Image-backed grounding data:
──────────────────────────────

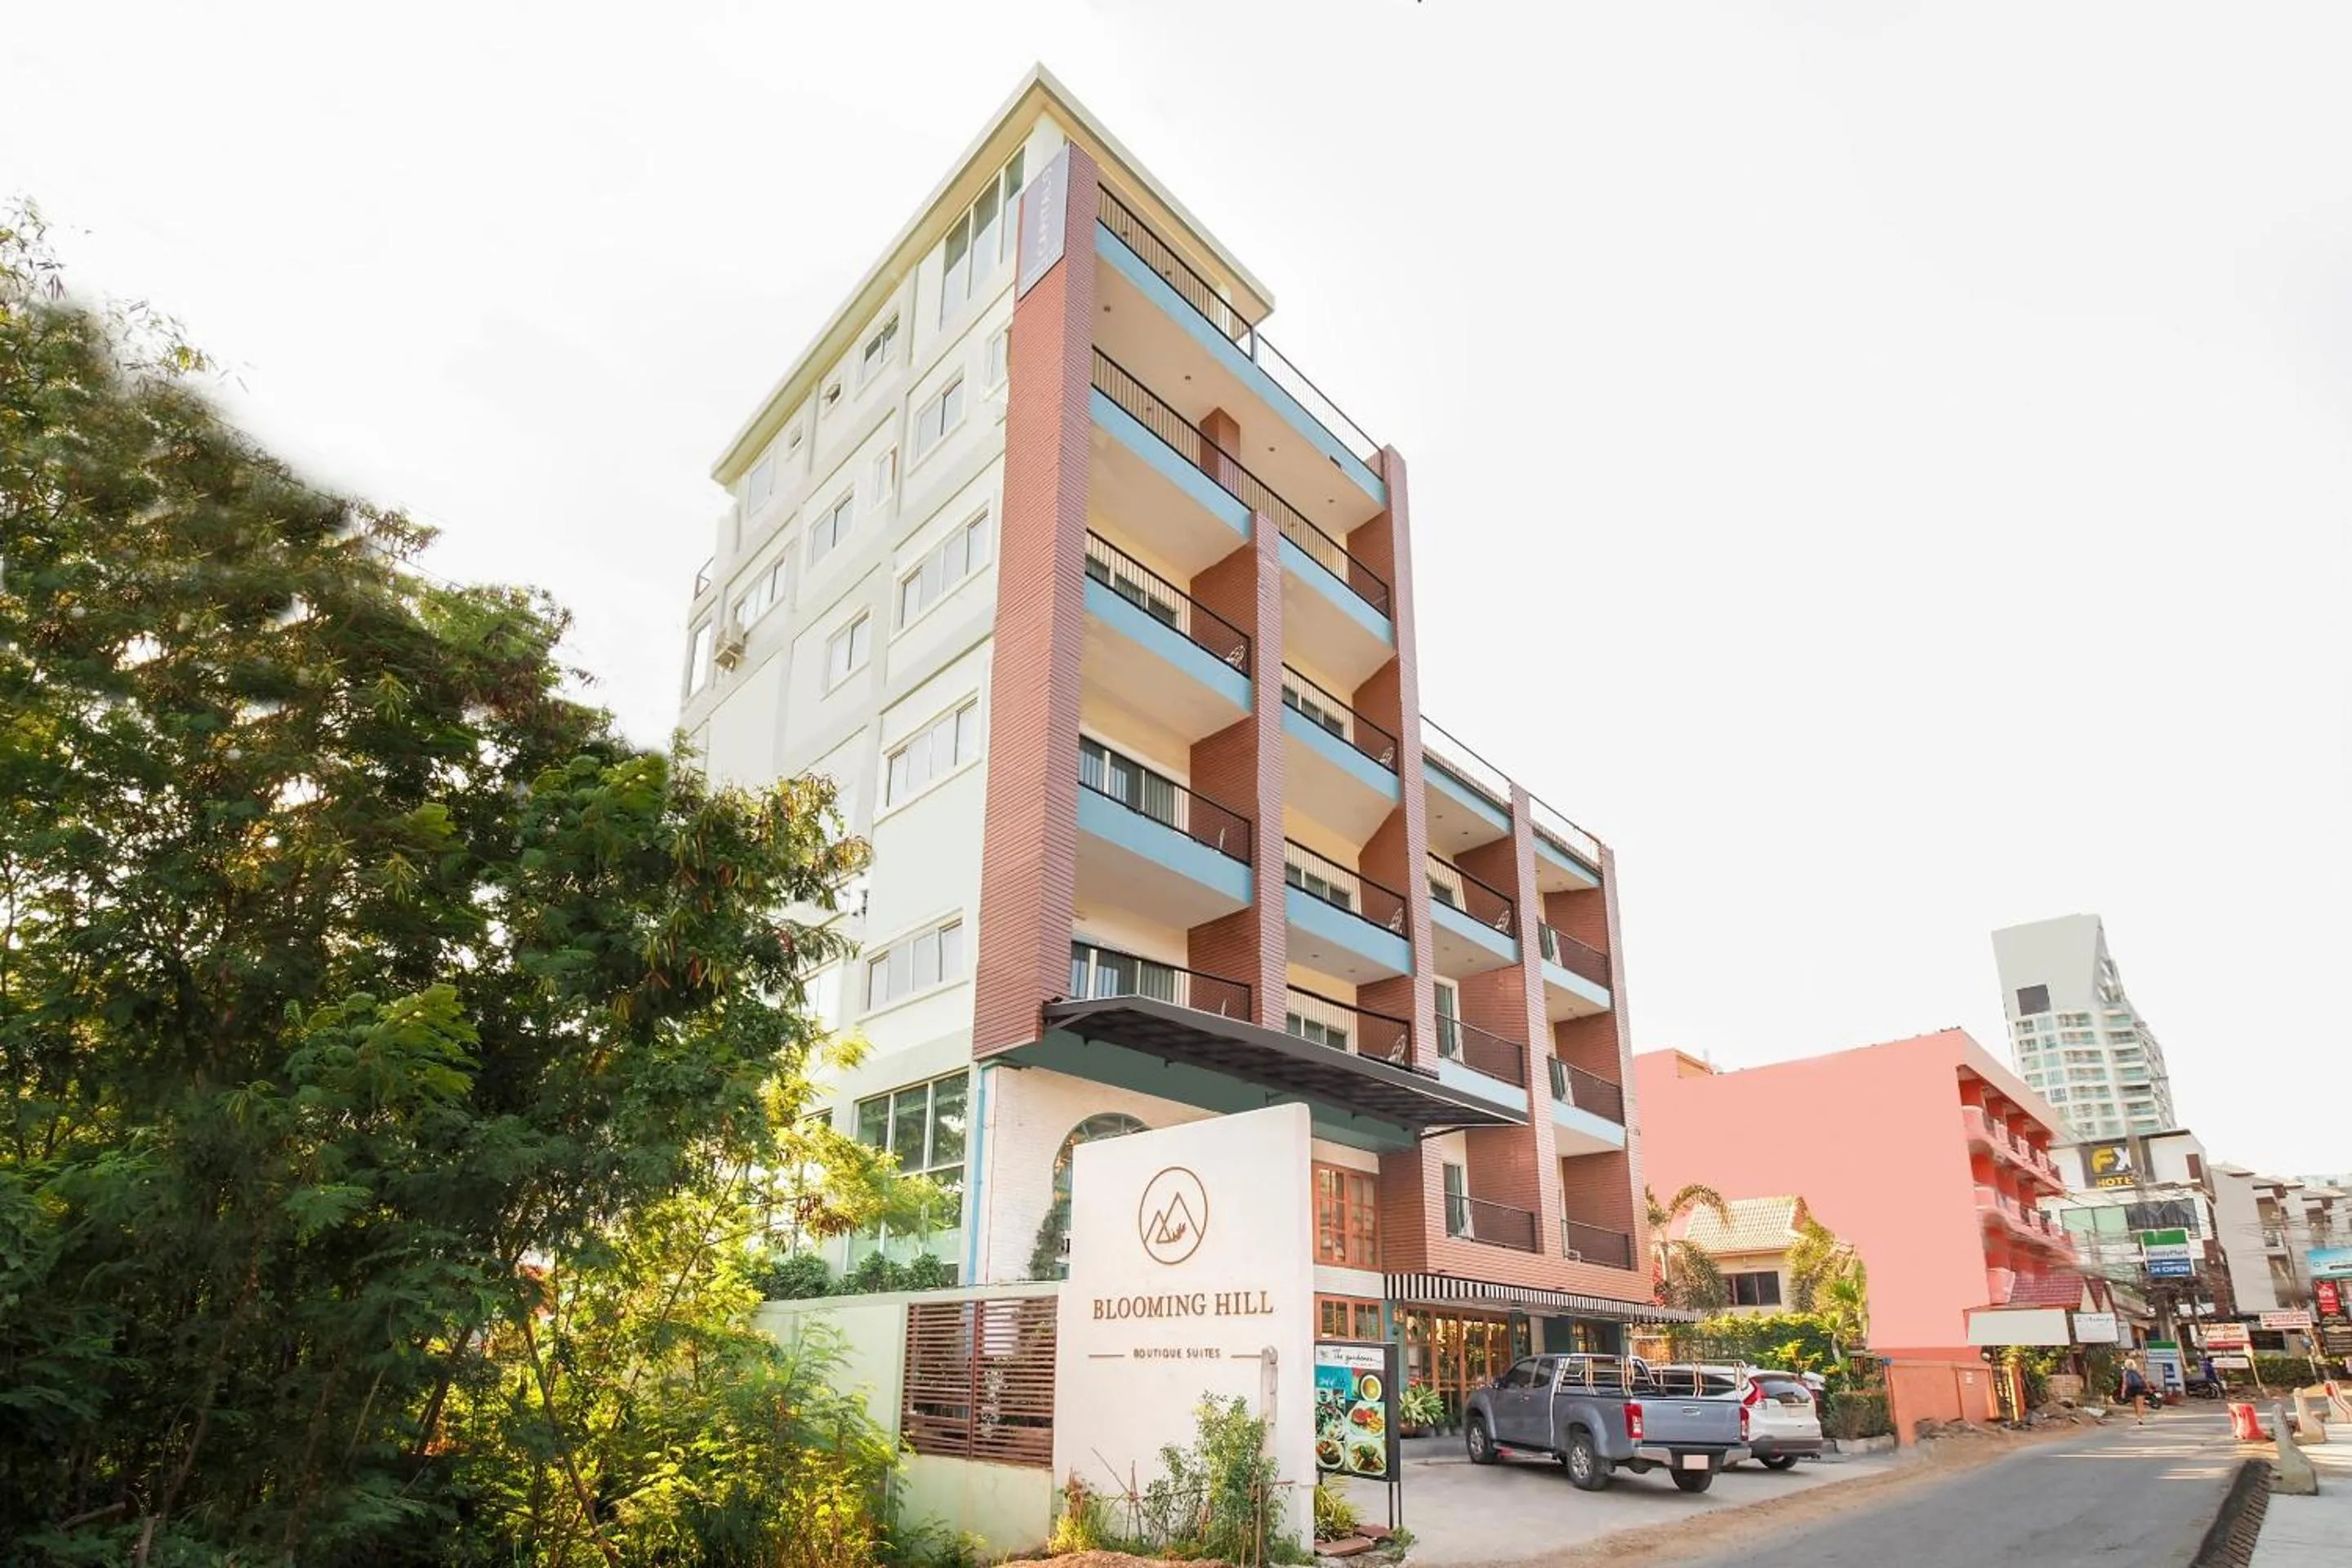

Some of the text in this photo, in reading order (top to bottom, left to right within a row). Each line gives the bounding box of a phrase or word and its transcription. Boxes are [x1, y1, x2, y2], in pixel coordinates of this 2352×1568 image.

[2092, 1147, 2132, 1174] FX
[2096, 1176, 2135, 1187] HOTE
[2162, 1265, 2189, 1273] OPEN
[1092, 1290, 1274, 1320] BLOOMING HILL
[1133, 1348, 1221, 1359] BOUTIQUE SUITES

──────────────────────────────

Set down each entry above exactly as it appears. Omit the pictures.

Some of the text in this photo, in reading order (top to bottom, left to right within a row). Each line gives the bounding box of a phrase or word and its transcription. Boxes are [x1, y1, x2, y2], in pixel coordinates of this 2352×1568 image.

[2092, 1147, 2132, 1174] FX
[2096, 1176, 2135, 1187] HOTE
[2162, 1265, 2189, 1273] OPEN
[1092, 1290, 1274, 1320] BLOOMING HILL
[1133, 1348, 1221, 1359] BOUTIQUE SUITES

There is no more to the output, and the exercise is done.